Carol hesitated. Troy swam right on by her, into the lighted area, his buoyancy bag
trailing behind him. Everything disappeared. Nick and Carol waited. Carol felt herself
tightening up.
Come on now, Dawson
, she thought,
it’s your turn. You’ve been here before
. She took a deep breath and swam into the material. She felt something like plastic
touch her face and then she was in a covered tunnel. A swift current was pulling her
to the right. She went down a small water slide and was deposited in a shallow pool
at the bottom. She clambered out of the pool and began removing her diving equipment.

Troy was standing on the floor about ten feet beyond the end of the pool. Next to
him a warden had already taken the buoyancy bag, opened it, and adroitly separated
the gold bars and the lead weights from the information discs. As Carol’s eyes adjusted
to the dim light around her, she saw that the warden was now loading the gold on a
small platform sitting on top of tank treads about a foot above the floor. Immediately
thereafter, the warden placed the information discs and the lead weights on two other
platforms. A carpet that had been lying inconspicuously over against the wall on the
left then rose up, apparently activated the treads under the platform, and directed
them toward a nearby hallway leading out of the room.

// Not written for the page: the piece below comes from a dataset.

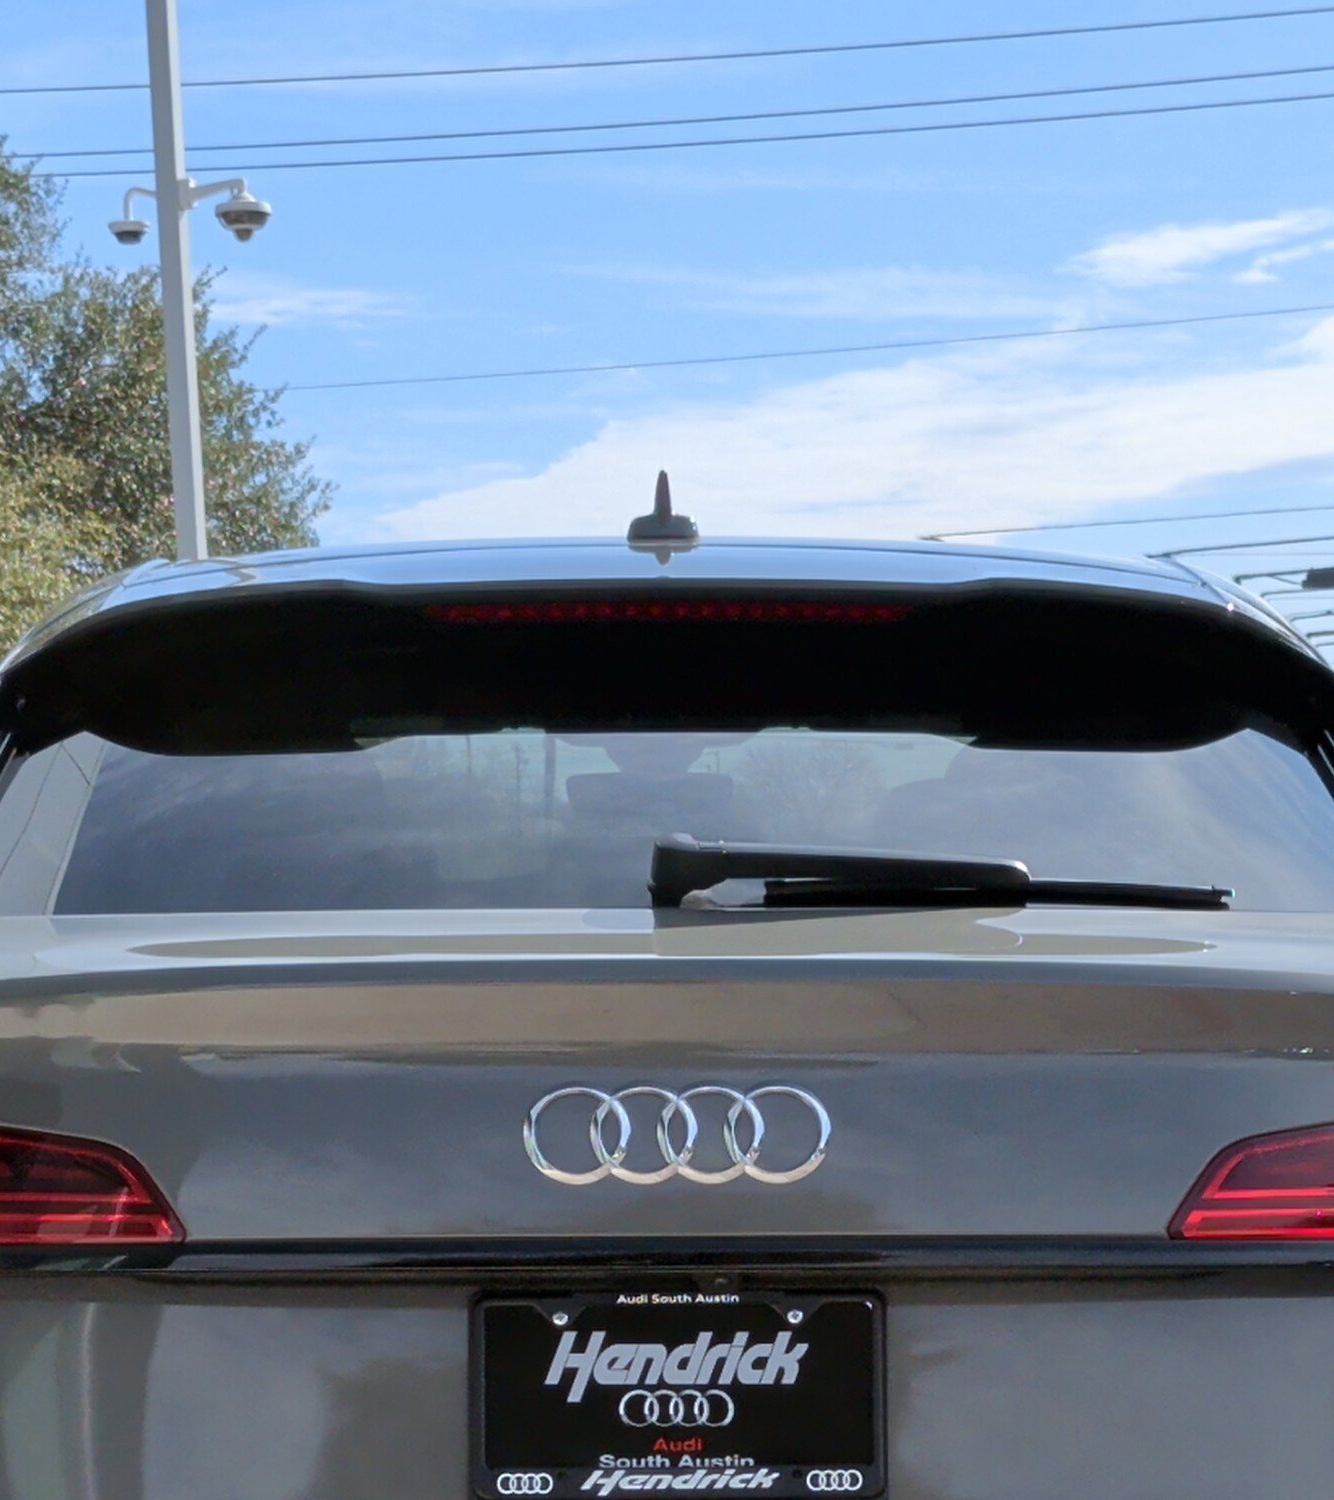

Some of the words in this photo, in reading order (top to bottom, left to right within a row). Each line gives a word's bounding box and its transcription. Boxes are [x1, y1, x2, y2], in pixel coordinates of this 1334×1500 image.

Carol pulled off her mask and finished removing her diving gear. She was in a medium-sized
room somewhat like the ones she and Troy had encountered at the beginning of her last
dive. The curved wall partitions were coloured black and white. There was a small
window to the ocean next to the splash pool on her left. The ceilings were low and
tight, only a couple of feet above her head, giving her a feeling of claustrophobia.
So here I am again
, she thought,
back in Wonderland. This time I will take plenty of pictures
. She photographed the procession of the carpet and three platforms just as it disappeared
from the room. She then changed lenses and took a dozen quick close-up pictures of
the warden standing next to Troy. It had the same amoebalike central body as the one
she had confronted the day before, but there were only five implements sticking out
of its upper half. The warden had probably been customized for the particular job
of taking the objects from the trio.